Planned Parenthood of the St. Louis Region and Southwest Missouri has been in a court battle with the state government over the renewal of its annual license for the past two weeks. Last month, Gov. Mike Parson signed a measure into law banning abortions at eight weeks of pregnancy and criminalizing health providers. (The ban goes into effect in late August.) Shortly after, the state moved to shut down the clinic, citing safety concerns.

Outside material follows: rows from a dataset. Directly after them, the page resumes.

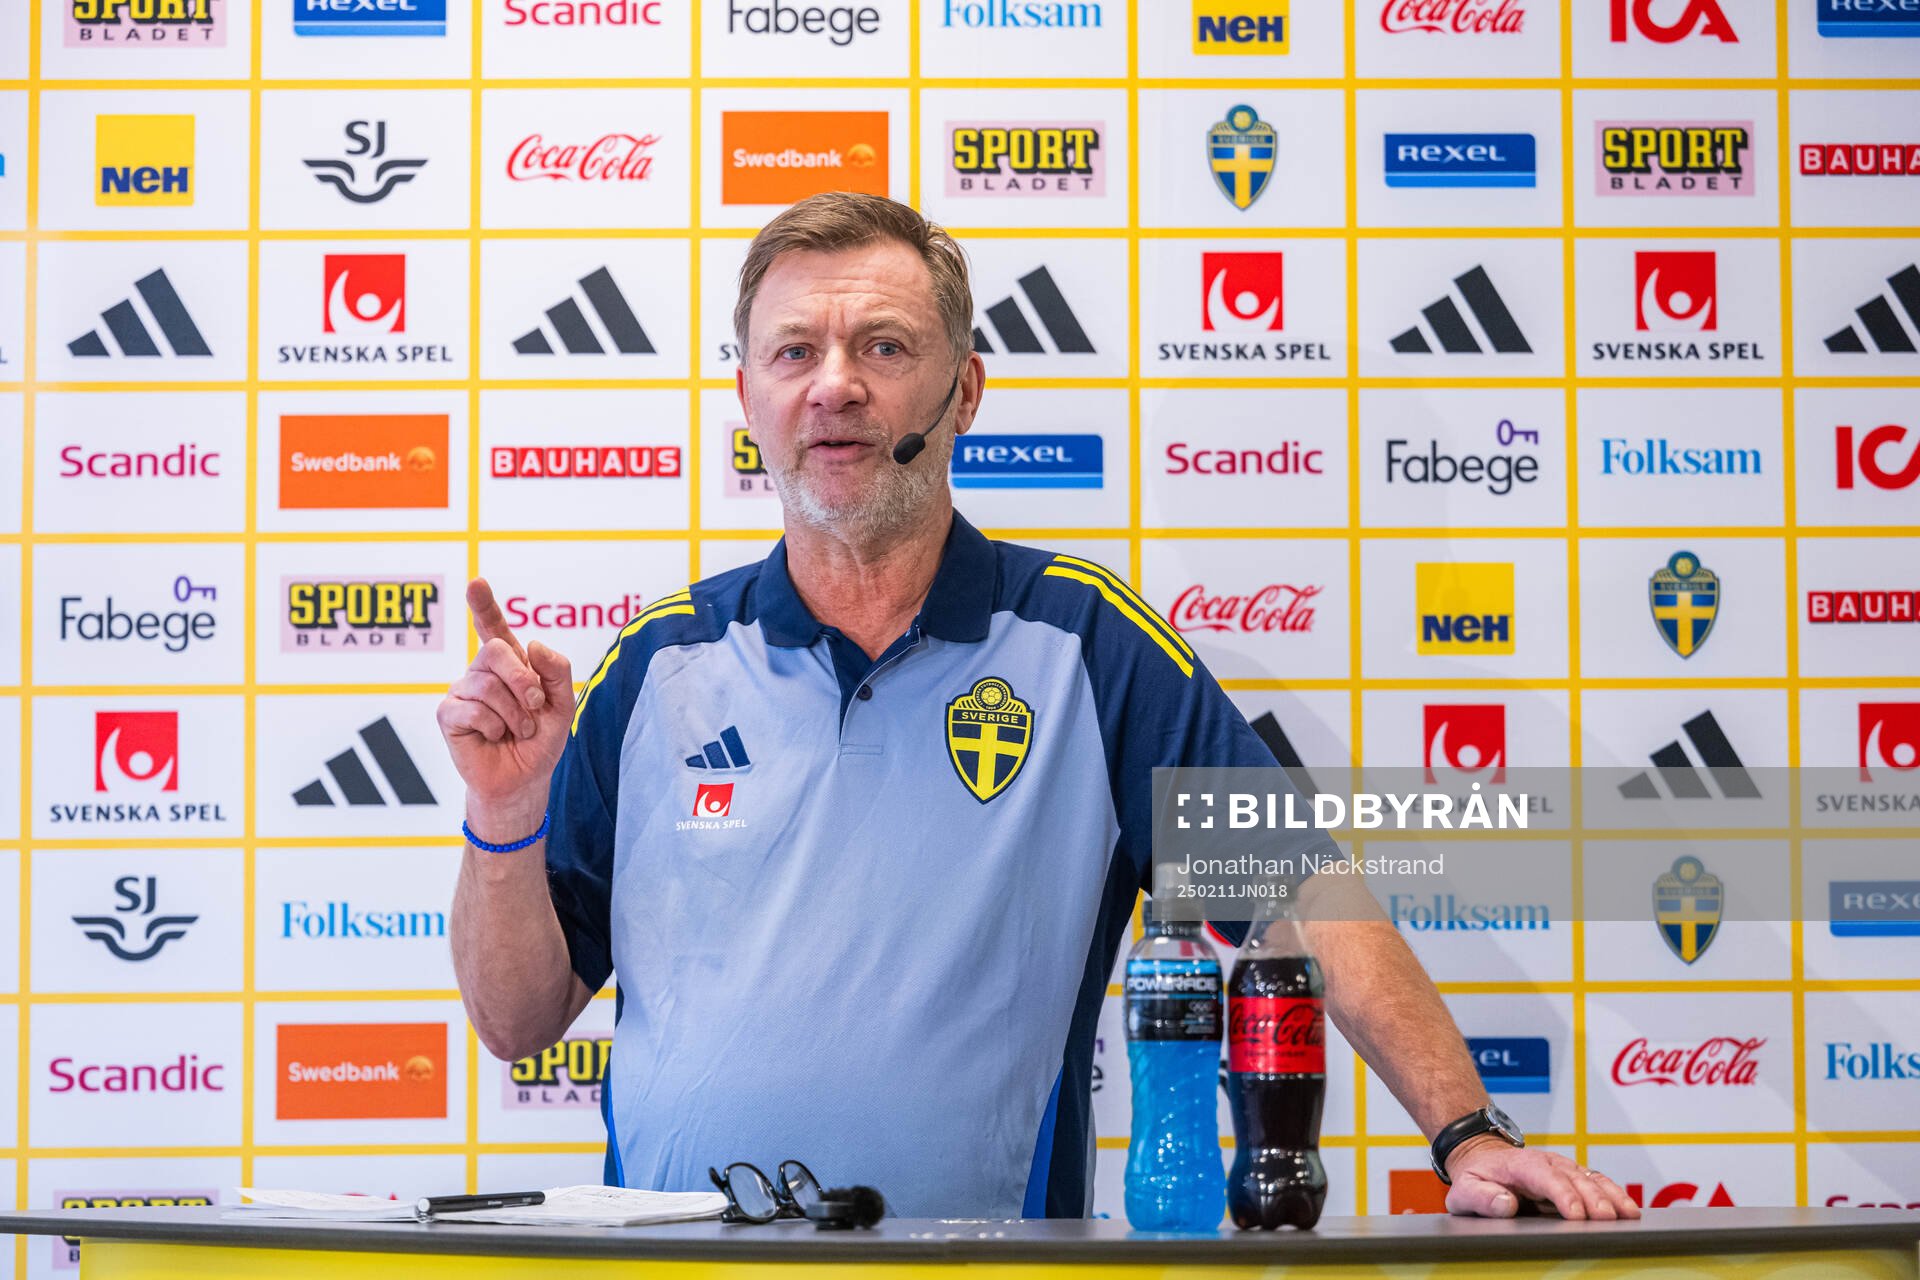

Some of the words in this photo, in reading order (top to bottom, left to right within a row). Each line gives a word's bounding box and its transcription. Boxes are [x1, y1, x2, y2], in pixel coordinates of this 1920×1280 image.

[505, 0, 660, 25] Scandic
[730, 0, 879, 46] Fabege
[942, 0, 1102, 28] Folksam
[1381, 0, 1524, 33] Coca-Cola
[1610, 0, 1739, 43] ICA
[80, 28, 212, 40] BLADET
[345, 121, 386, 158] SJ
[953, 128, 1099, 174] SPORT
[1602, 127, 1749, 175] SPORT
[506, 135, 656, 180] Coca-Cola
[733, 149, 841, 167] Swedbank
[1803, 147, 1920, 171] BAUHA
[961, 177, 1092, 191] BLADET
[1611, 177, 1742, 190] BLADET
[280, 346, 387, 362] SVENSKA
[397, 346, 451, 362] SPEL
[1160, 344, 1266, 360] SVENSKA
[1275, 344, 1330, 360] SPEL
[1594, 343, 1700, 360] SVENSKA
[1709, 343, 1763, 359] SPEL
[61, 444, 219, 477] Scandic
[292, 452, 400, 471] Swedbank
[493, 448, 680, 474] BAUHAUS
[1167, 441, 1322, 474] Scandic
[1387, 439, 1538, 495] Fabege
[1603, 439, 1761, 474] Folksam
[289, 582, 437, 629] SPORT
[505, 594, 641, 628] Scandi
[1169, 584, 1323, 634] Coca-Cola
[1811, 594, 1920, 618] BAUH
[61, 597, 216, 652] Fabege
[297, 632, 430, 645] BLADET
[961, 711, 1019, 724] SVERIGE
[51, 805, 159, 822] SVENSKA
[170, 805, 224, 821] SPEL
[676, 820, 720, 831] SVENSKA
[722, 818, 748, 830] SPEL
[114, 876, 157, 914] SJ
[284, 903, 444, 938] Folksam
[50, 1055, 223, 1092] Scandic
[289, 1062, 399, 1082] Swedbank
[1612, 1038, 1766, 1086] Coca-Cola
[1827, 1043, 1920, 1079] Folks
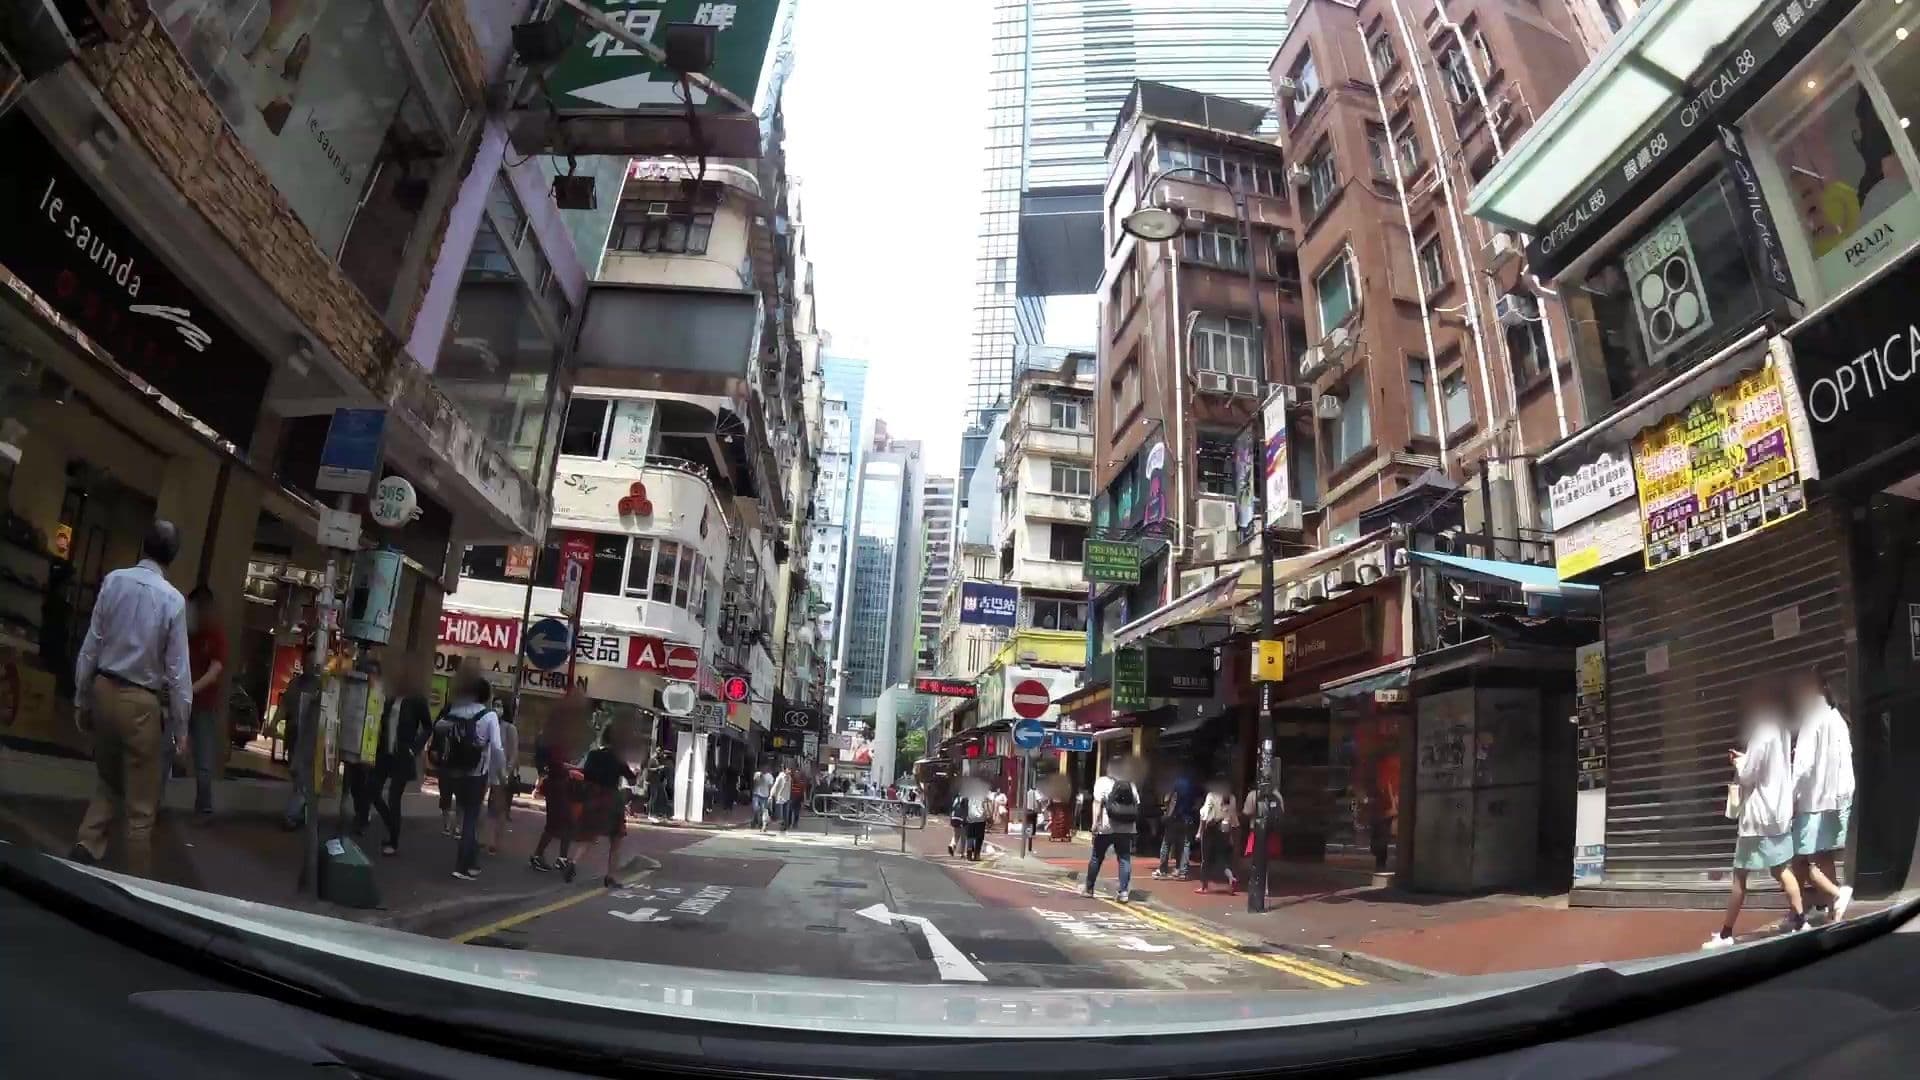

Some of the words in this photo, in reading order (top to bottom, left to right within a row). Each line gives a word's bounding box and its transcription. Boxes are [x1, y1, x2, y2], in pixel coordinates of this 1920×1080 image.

[586, 9, 662, 58] 租
[1772, 0, 1817, 38] 眼鏡
[1680, 68, 1740, 127] OPTICAL
[1736, 49, 1755, 74] 88
[40, 177, 63, 223] le
[64, 214, 141, 298] saunda
[1540, 203, 1592, 254] OPTICAL
[1588, 187, 1606, 212] 88
[1844, 222, 1895, 264] PRADA
[575, 633, 620, 663] 良品
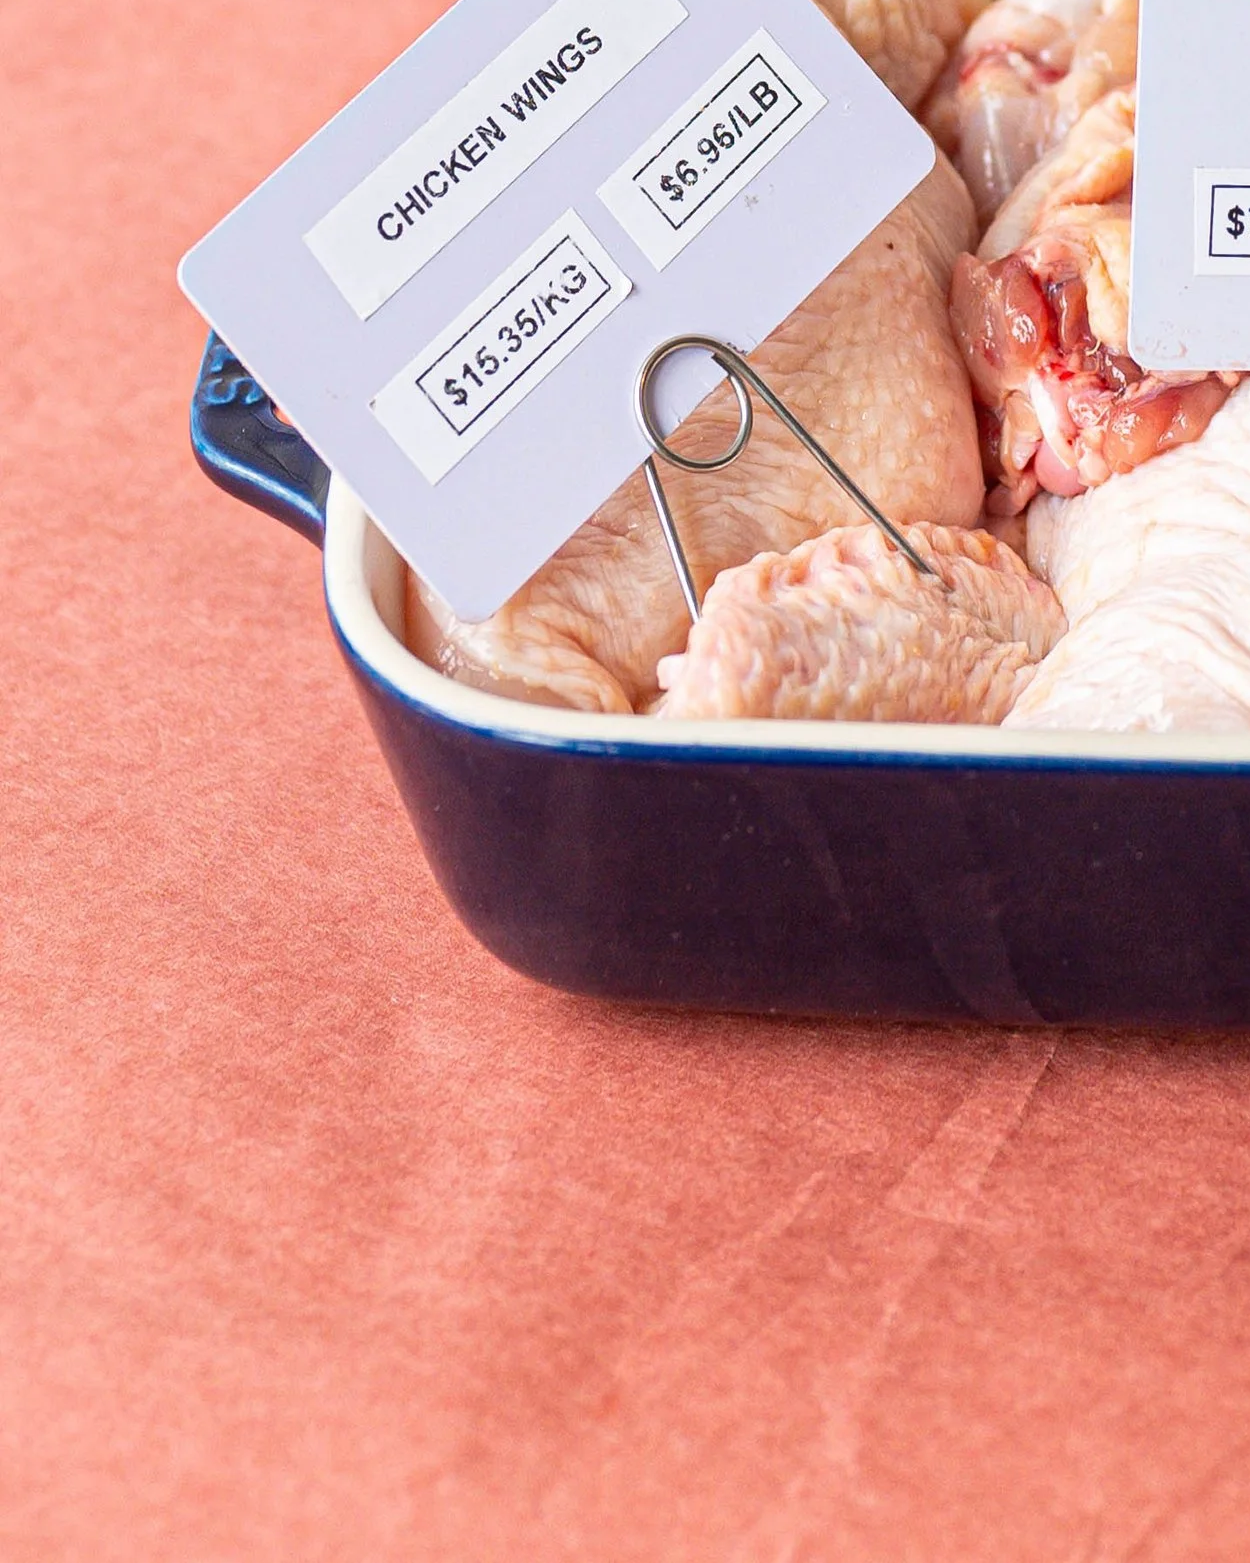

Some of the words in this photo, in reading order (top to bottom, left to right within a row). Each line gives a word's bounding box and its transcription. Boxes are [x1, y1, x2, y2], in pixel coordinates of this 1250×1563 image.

[377, 115, 507, 241] CHICKEN
[500, 26, 603, 122] WINGS
[659, 80, 779, 202] $6.96/LB
[443, 264, 587, 406] $15.35/KG

In mid-May, the state's Health Department notified the clinic that it had to fulfill three requirements that could impact the renewal of its license: an additional pelvic exam for patients seeking an abortion 72 hours before the procedure, defining who in the clinic provides the patients with state-mandated counseling, and making available physicians for interviews as part of an investigation into "deficient practices." While the organization complied with the first two requirements, the third one put its license renewal on hold. Planned Parenthood said it could only arrange interviews with two of the physicians, as they are part of the staff, but the rest are residents-in-training not employed by the clinic.
Planned Parenthood sued to be able to continue offering abortion care while the license dispute was settled. The clinic has been operational since a restraining order was issued on May 31, the day it was meant to shut down. In his ruling Monday, Circuit Court judge Michael Stelzer said the clinic's license must remain in place for now and told the state to decide by June 21 whether it will renew or revoke it.
"While this is welcome relief for patients and providers at Planned Parenthood, this fight is far from over," Dr. Colleen McNicholas, one of the clinic's physicians, said in a statement provided to Refinery29. "Abortion access in Missouri is hanging on by a thread and for many, politicians like Gov. Parson have already created an impossible landscape for patients who need access to abortion. Abortion remains one of the most inappropriately regulated healthcare services. Until that changes, access to care in our state will depend on where you live and how much money you earn. We are too close to losing our rights and freedoms and we will not back down today, tomorrow, or ever."
Missouri currently ranks #41 nationwide when it comes to healthcare, according to a U.S. News & World Report ranking published last month. Other than only having access to one abortion provider, Missourians face other roadblocks in obtaining care: Abortions are banned after 24 weeks of gestation, and women seeking to terminate their pregnancies are required to undergo a 72-hour waiting period before they can access the procedure.
Just a decade ago, there were five clinics providing abortion care in Missouri. If the clinic closes down, the state would be the first without a legal abortion provider in 46 years.